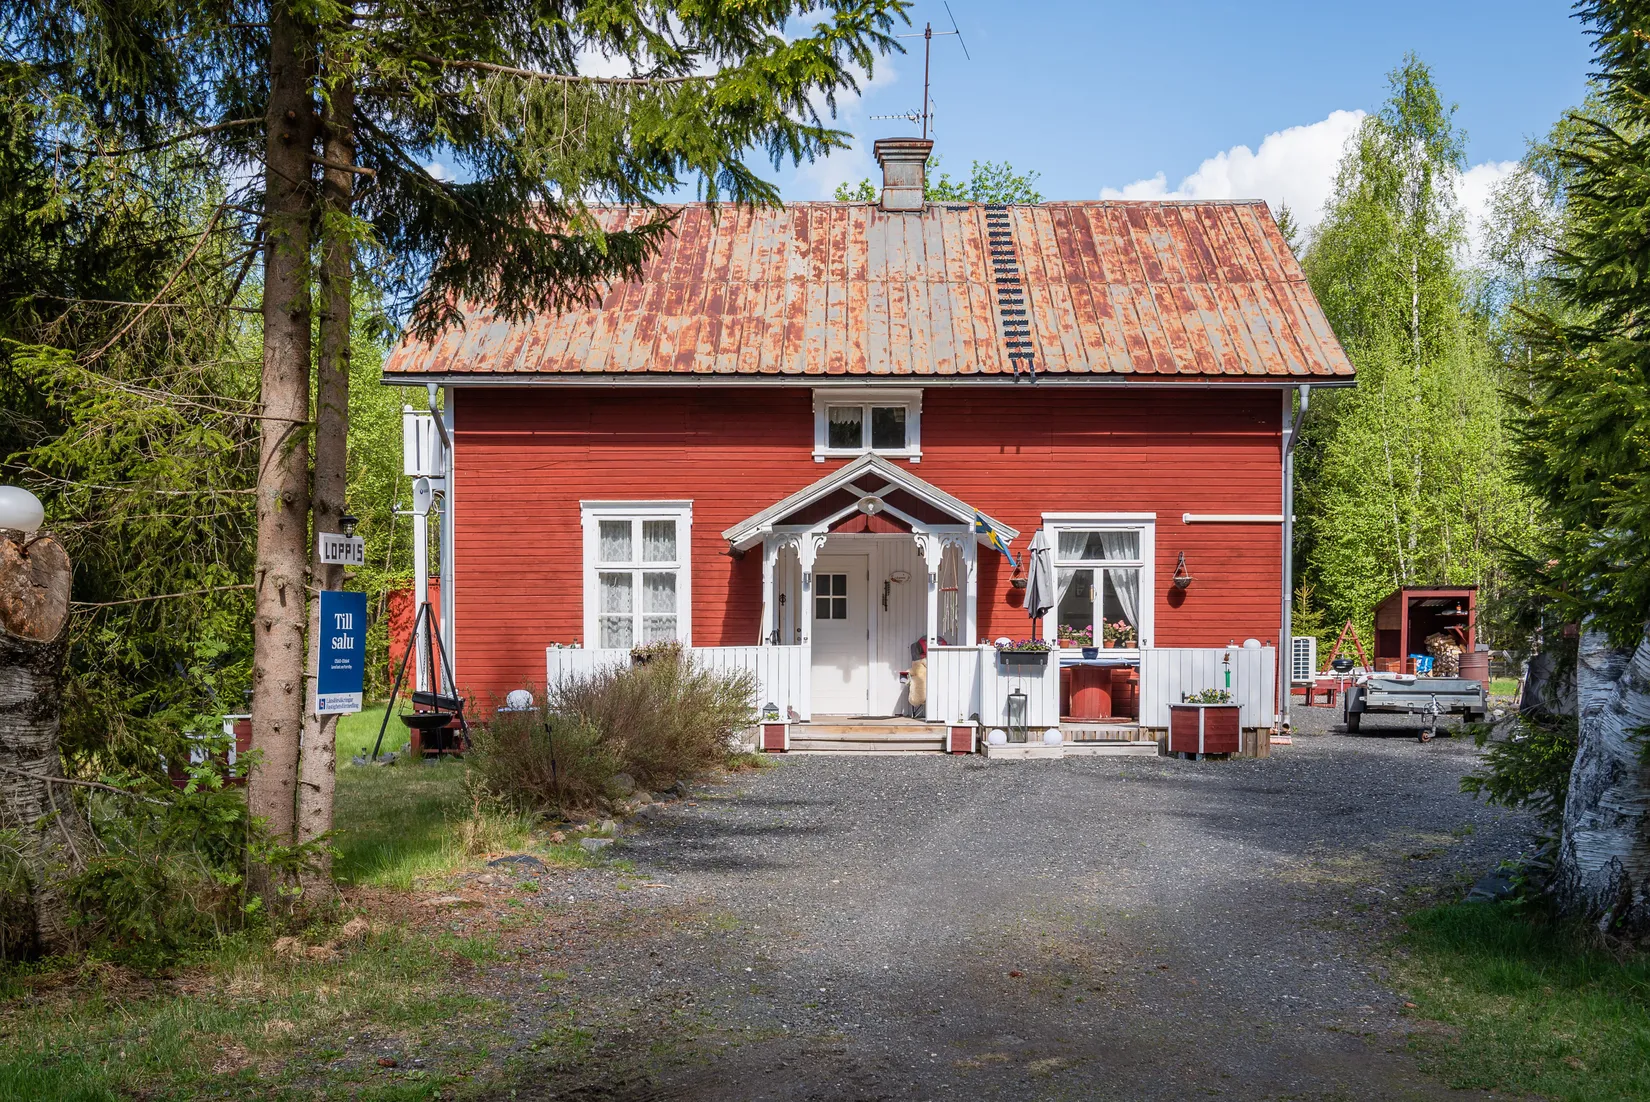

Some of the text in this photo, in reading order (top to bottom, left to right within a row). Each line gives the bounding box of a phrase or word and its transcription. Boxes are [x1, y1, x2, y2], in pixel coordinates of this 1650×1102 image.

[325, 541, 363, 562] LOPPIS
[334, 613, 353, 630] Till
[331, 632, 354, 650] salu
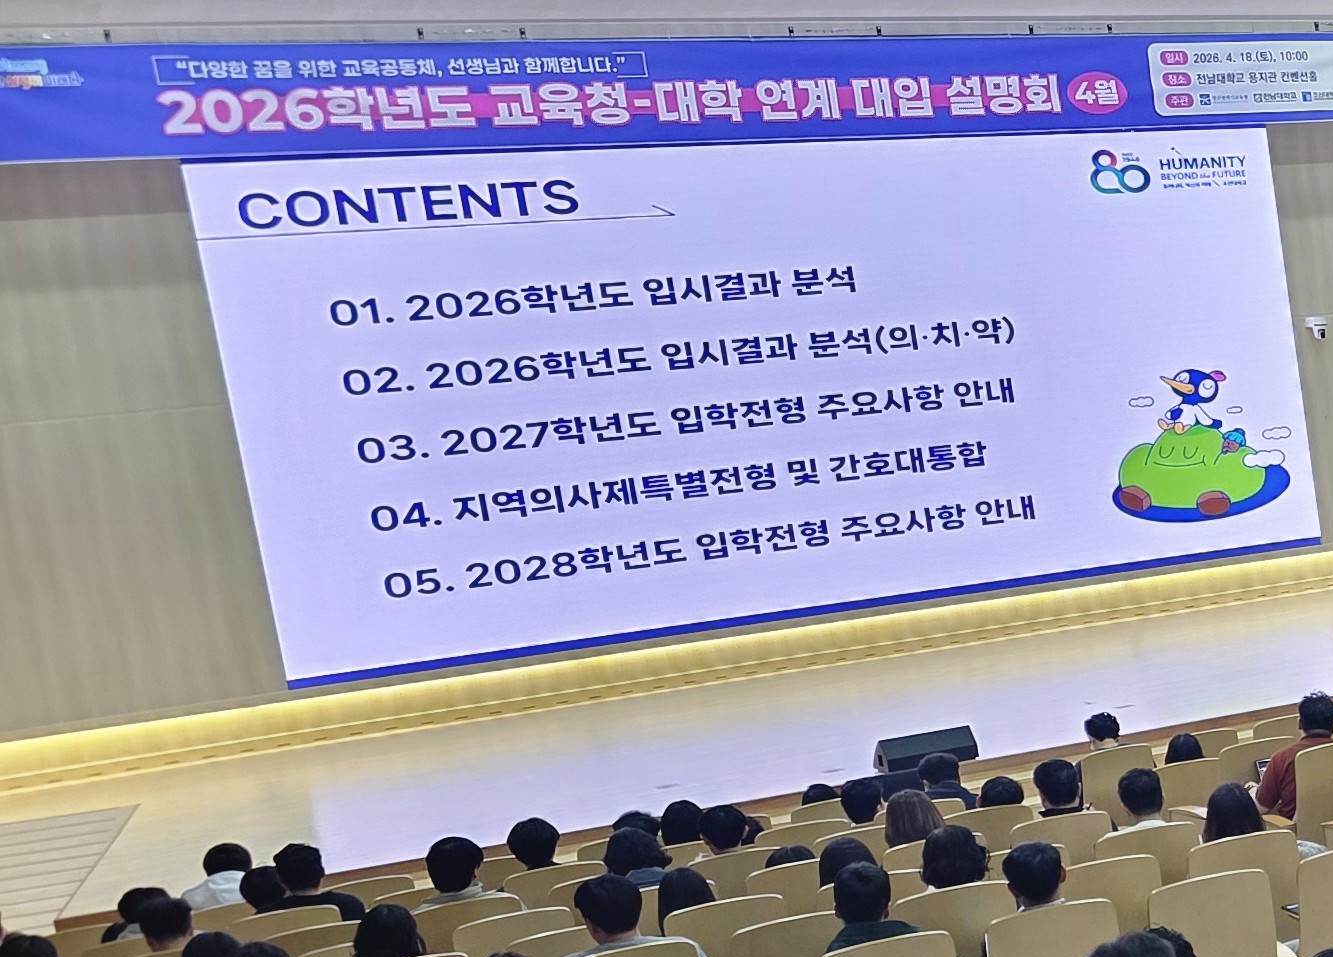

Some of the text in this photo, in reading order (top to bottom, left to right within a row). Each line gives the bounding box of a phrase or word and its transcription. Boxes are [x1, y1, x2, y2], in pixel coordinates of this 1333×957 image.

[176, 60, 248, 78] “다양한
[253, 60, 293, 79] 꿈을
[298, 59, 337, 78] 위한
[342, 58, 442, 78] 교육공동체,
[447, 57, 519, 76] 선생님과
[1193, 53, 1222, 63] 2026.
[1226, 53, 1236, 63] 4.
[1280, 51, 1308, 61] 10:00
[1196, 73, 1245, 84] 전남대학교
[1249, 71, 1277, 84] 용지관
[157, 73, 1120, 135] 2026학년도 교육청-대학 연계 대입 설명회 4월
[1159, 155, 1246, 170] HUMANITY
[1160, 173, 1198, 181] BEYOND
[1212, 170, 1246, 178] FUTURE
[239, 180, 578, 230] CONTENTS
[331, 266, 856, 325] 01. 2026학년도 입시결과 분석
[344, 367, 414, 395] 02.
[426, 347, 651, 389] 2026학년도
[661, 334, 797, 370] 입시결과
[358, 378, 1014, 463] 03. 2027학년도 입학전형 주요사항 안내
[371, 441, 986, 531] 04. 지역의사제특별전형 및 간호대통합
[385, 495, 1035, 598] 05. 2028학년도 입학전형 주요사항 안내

※

◆ PROBLEM STATEMENT: Transcribe all records verbatim and omit each image.

◆ TASK RESPONSE:
Some of the text in this photo, in reading order (top to bottom, left to right within a row). Each line gives the bounding box of a phrase or word and its transcription. Boxes are [x1, y1, x2, y2], in pixel coordinates of this 1650×1102 image.

[325, 541, 363, 562] LOPPIS
[334, 613, 353, 630] Till
[331, 632, 354, 650] salu

Some of the text in this photo, in reading order (top to bottom, left to right within a row). Each line gives the bounding box of a phrase or word and its transcription. Boxes are [x1, y1, x2, y2], in pixel coordinates of this 1333×957 image.

[176, 60, 248, 78] “다양한
[253, 60, 293, 79] 꿈을
[298, 59, 337, 78] 위한
[342, 58, 442, 78] 교육공동체,
[447, 57, 519, 76] 선생님과
[1193, 53, 1222, 63] 2026.
[1226, 53, 1236, 63] 4.
[1280, 51, 1308, 61] 10:00
[1196, 73, 1245, 84] 전남대학교
[1249, 71, 1277, 84] 용지관
[157, 73, 1120, 135] 2026학년도 교육청-대학 연계 대입 설명회 4월
[1159, 155, 1246, 170] HUMANITY
[1160, 173, 1198, 181] BEYOND
[1212, 170, 1246, 178] FUTURE
[239, 180, 578, 230] CONTENTS
[331, 266, 856, 325] 01. 2026학년도 입시결과 분석
[344, 367, 414, 395] 02.
[426, 347, 651, 389] 2026학년도
[661, 334, 797, 370] 입시결과
[358, 378, 1014, 463] 03. 2027학년도 입학전형 주요사항 안내
[371, 441, 986, 531] 04. 지역의사제특별전형 및 간호대통합
[385, 495, 1035, 598] 05. 2028학년도 입학전형 주요사항 안내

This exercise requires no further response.